I love Velcro. I like the sound it makes. I like how well it works with secure fit and adjustability. With my last leg, I used to adjust my Velcros a lot more. I used to have three Velcros, now I have two. Carefully cut, melted, and then sewn with the giant sewing machine in my prosthetist’s lab by his son, who is also his technician. My Velcros are mine only, perfect for my leg.

Imperfect, too.

I used to have white Velcros and a white upper on my prosthesis, but they got skanky and discolored from the darker-wash jeans I prefer, and every little fiber they pick up shows—not that I’m hiking my pants up every day to show off my Velcros, so it didn’t matter that much. I have an old-style prosthesis, almost like a Hanger leg[1] for those familiar with disability design. My amputation is very fancy. Some people like me still use lacers instead of Velcro, and others are using the snappy adjusties you have on skis now, too. High tech.

The promise of prosthetics is one of restoration of ability, and this narrative leaves little room for reality.

I know that there are at least some people who are curious about the intimate relationship I have with my prosthesis as a body part, or, worse, for me to tell you a tale about getting jiggy[2] with my prosthetic leg on, or off. What do I do with this equipment if I want to have sex? What’s the plan for the leg?

But that’s boring. And you’ve read enough idealized tales where bodies sing electric, where man is one with machine, where flesh is made whole again, and where people can then get freaky with the manic pixie cyborg electric-sheep-dream girl.[3]

The disability intimacy I want to address is about when prosthetics are a shield preventing intimacy, when the narratives we have about prostheses put real-life prosthetized people in a pickle.
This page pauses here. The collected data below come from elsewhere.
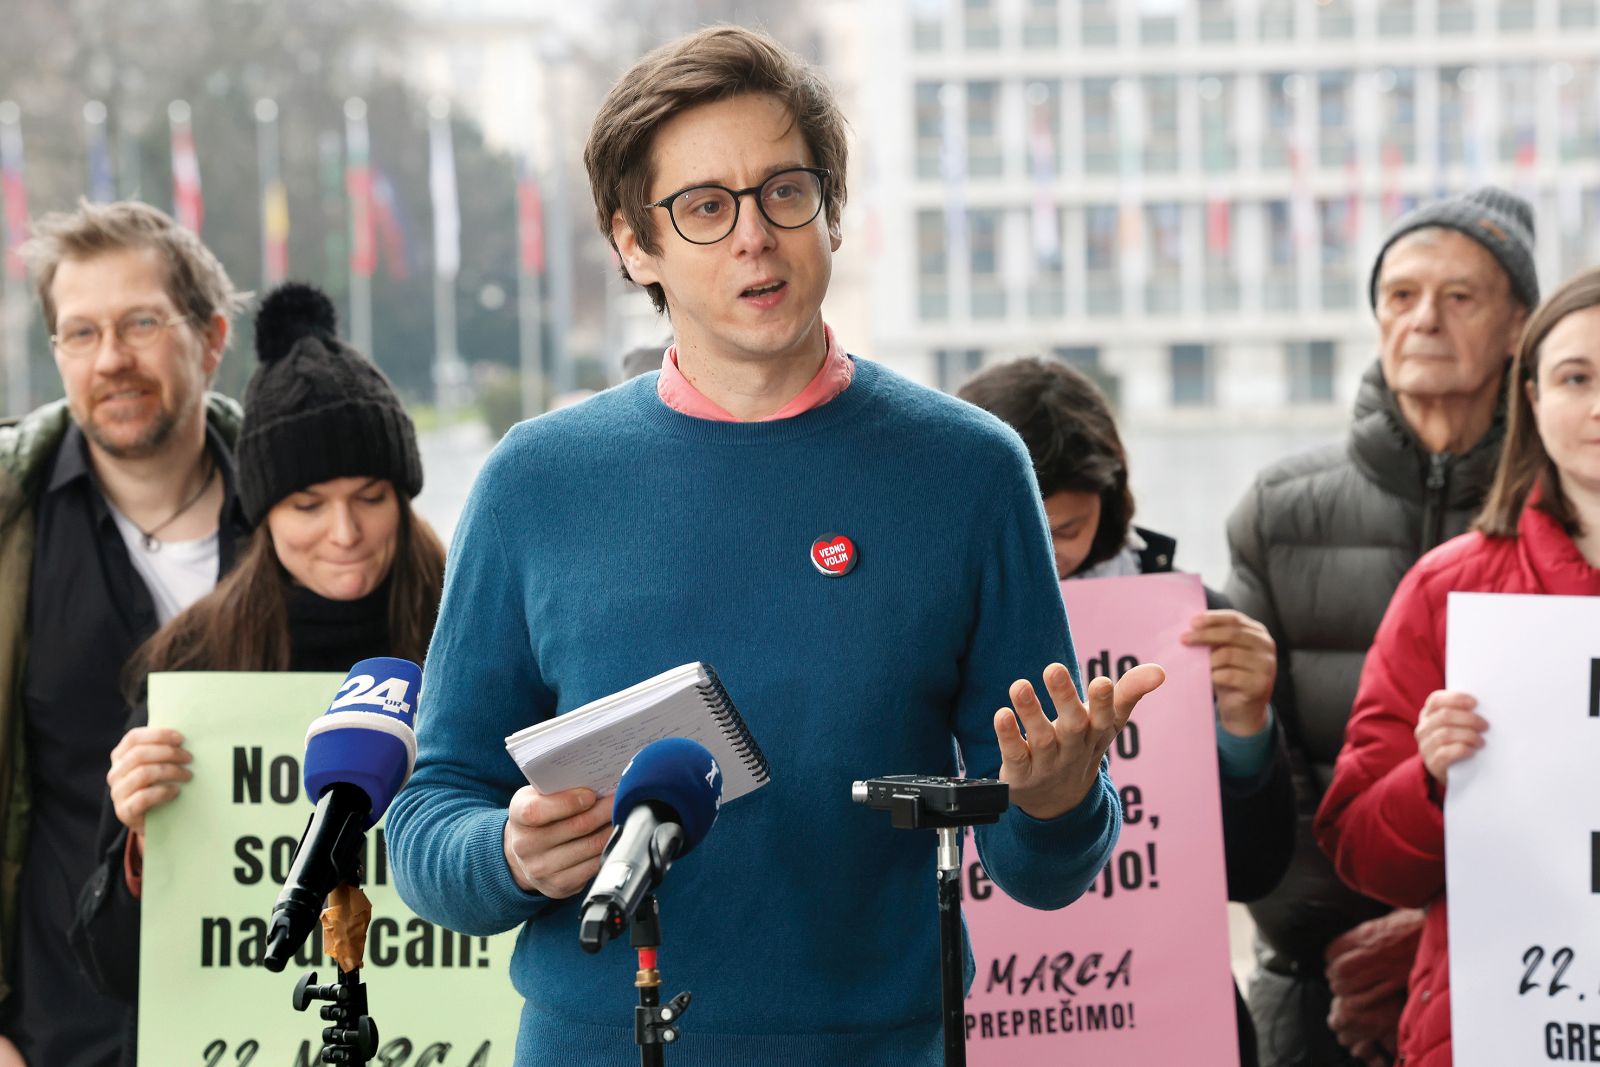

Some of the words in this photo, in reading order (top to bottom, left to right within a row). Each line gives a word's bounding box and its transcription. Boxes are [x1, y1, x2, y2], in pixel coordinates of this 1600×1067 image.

[819, 543, 846, 558] VEDNO
[823, 552, 848, 567] VOLIM
[330, 674, 411, 714] 24
[986, 949, 1133, 996] MARCA
[965, 1000, 1136, 1041] PREPREČIMO!
Prosthetics are a shield to other people’s ideas of intimacy that I do not share with them—those who gawk and give unwanted attention, who smirkingly or even sincerely ask things like “leg on or leg off?” My legs are not an invitation to your education, or your desire.
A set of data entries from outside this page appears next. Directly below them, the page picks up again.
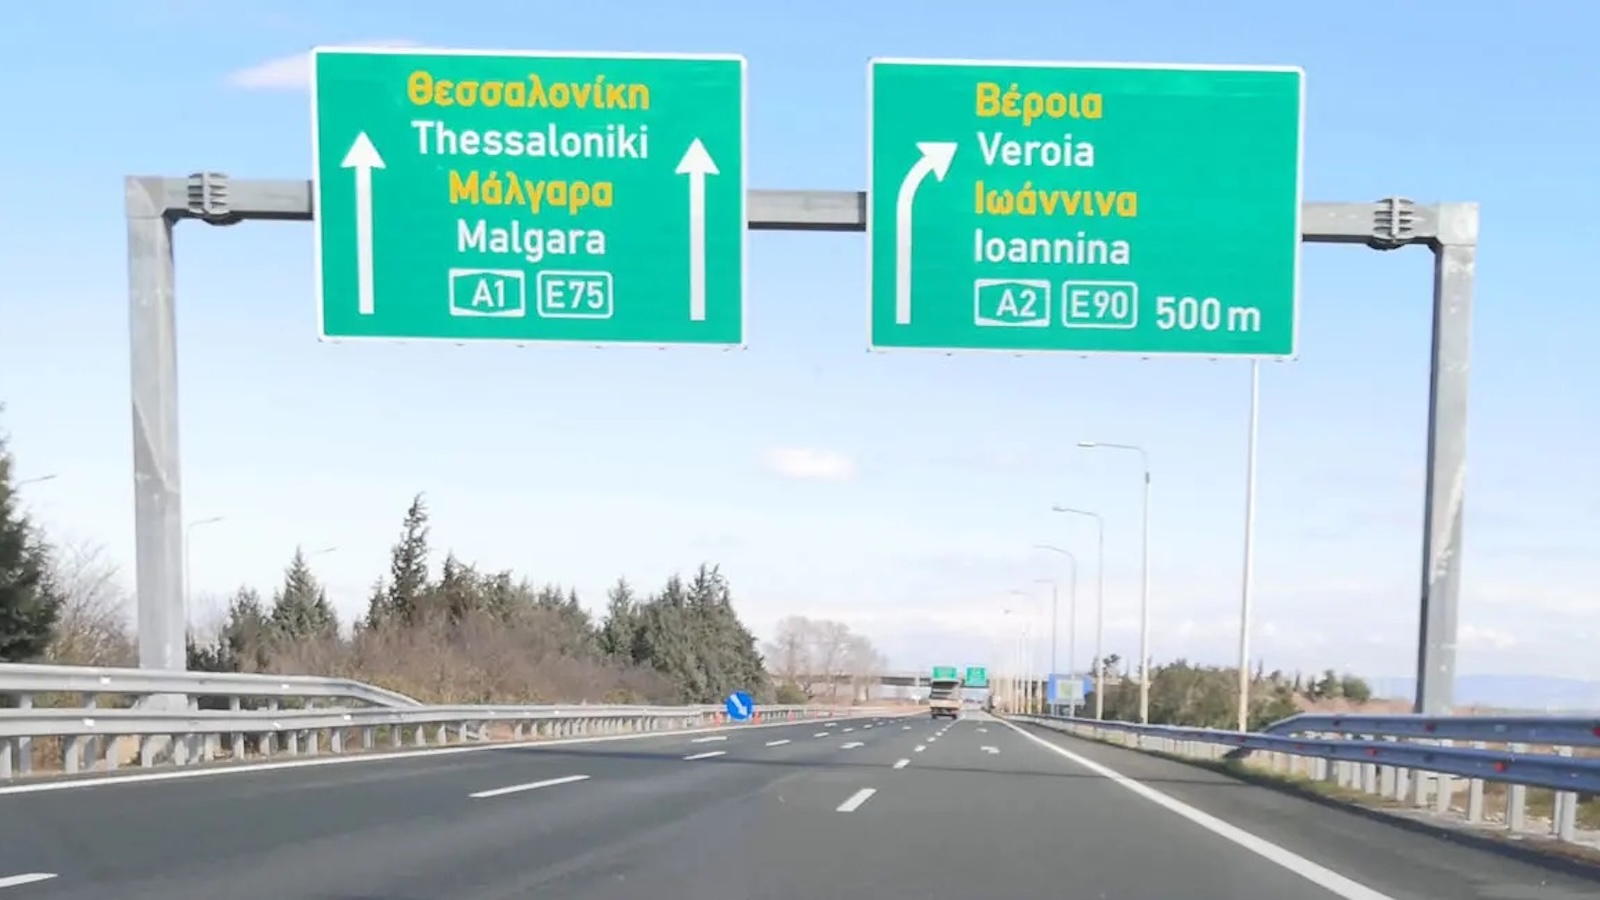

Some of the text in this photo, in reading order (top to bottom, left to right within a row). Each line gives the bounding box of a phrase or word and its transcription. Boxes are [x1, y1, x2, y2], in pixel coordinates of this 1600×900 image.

[408, 70, 650, 110] Θεσσαλονίκη
[976, 82, 1104, 126] Βέροια
[411, 120, 649, 159] Thessaloniki
[976, 132, 1095, 167] Veroia
[449, 170, 613, 215] Μάλγαρα
[974, 180, 1138, 217] Ιωάννινα
[457, 219, 606, 262] Malgara
[974, 228, 1131, 265] Ioannina
[471, 279, 506, 307] A1
[995, 290, 1037, 319] A2
[1156, 297, 1221, 332] 500
[1228, 306, 1261, 332] m
There is no good way to be an amputee because of all the stories and expectations and images that are out there about us, and the questions and information people think they are entitled to through that media, too. The promise of prosthetics is a curse.
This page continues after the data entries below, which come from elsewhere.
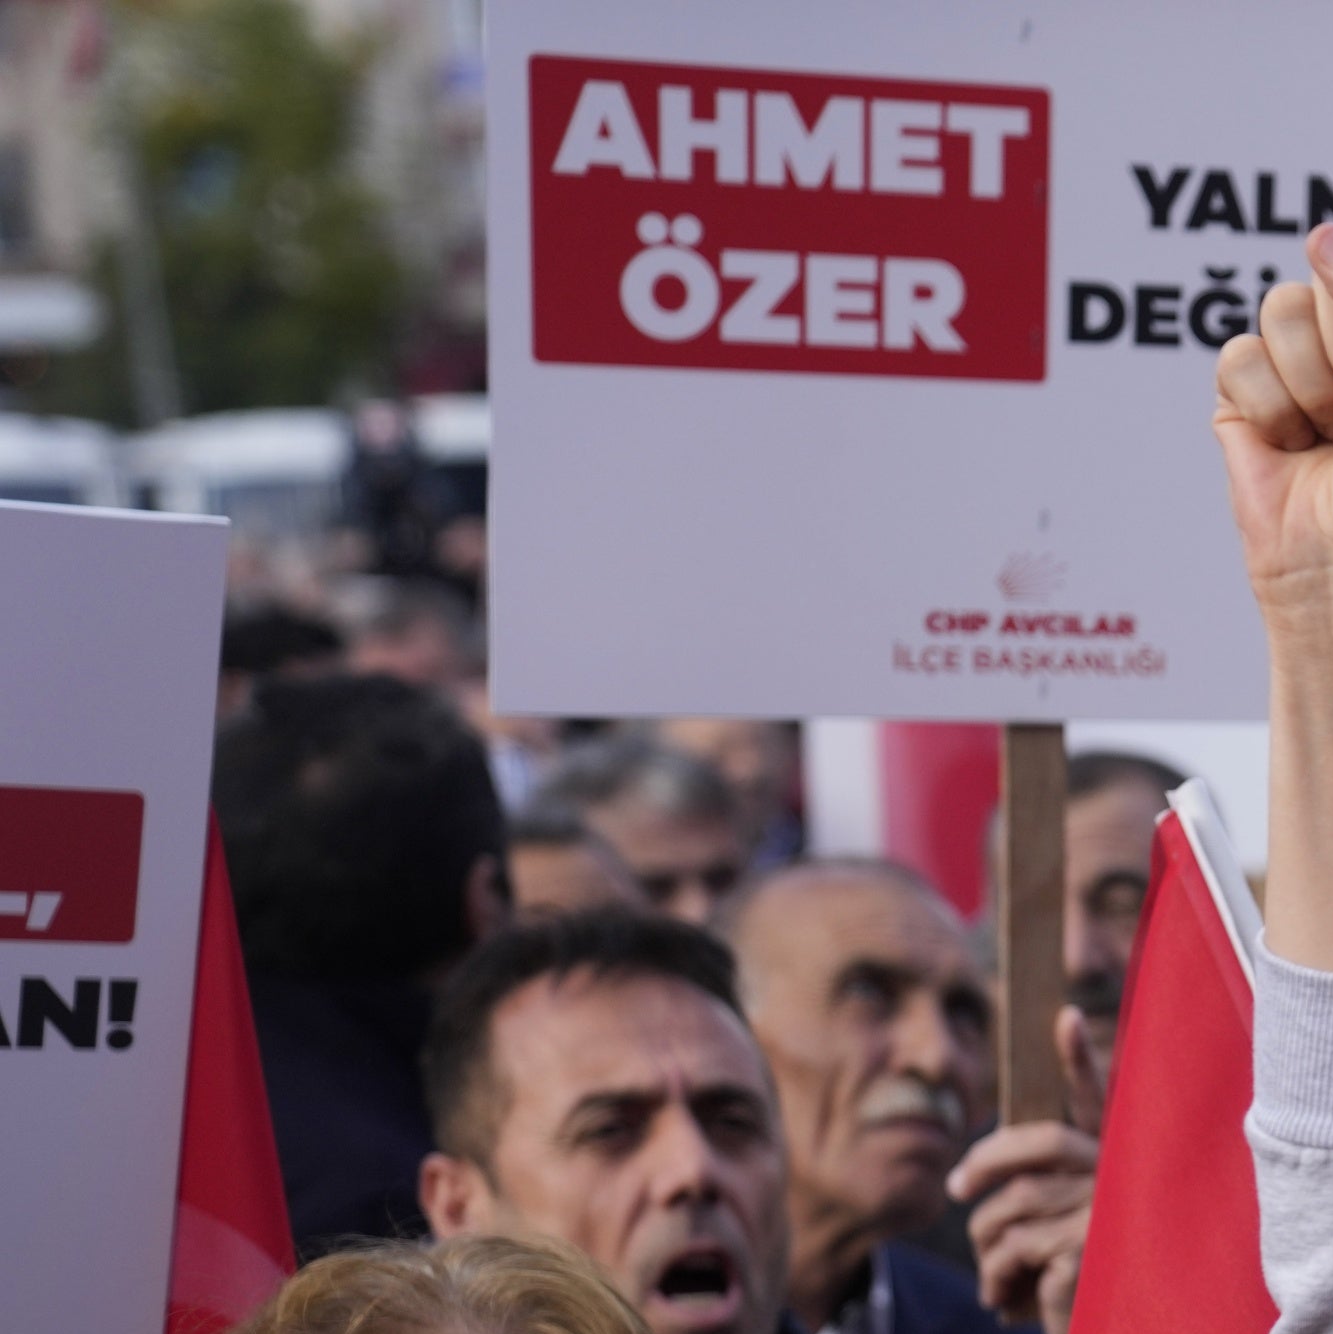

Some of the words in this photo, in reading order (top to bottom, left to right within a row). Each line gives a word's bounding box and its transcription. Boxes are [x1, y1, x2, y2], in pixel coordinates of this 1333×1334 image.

[551, 78, 1032, 200] AHMET
[619, 211, 968, 354] ÖZER
[892, 637, 962, 675] İLÇE
[972, 642, 1167, 678] BAŞKANLIĞI
[924, 610, 990, 635] CHP
[999, 612, 1136, 638] AVCILAR
Prosthetics are a defense.

Some amputees talk about how they put their leg on first thing and take it off last thing and don’t want to be seen without their leg on. They will literally work through terrible blisters, rashes, and pain to avoid going legless, or be seen outside their homes with any assistive devices other than prostheses.

Disability is longstanding and not going away—the future will give us new ways to be or become disabled.

The promise of prosthetics has meant for them that they need to appear as close to nondisabled as possible. To make themselves invulnerable to other disability narratives that may haunt their existence—of helplessness or need, of shame and pity, and even of just desserts: that they are not trying hard enough to “overcome.”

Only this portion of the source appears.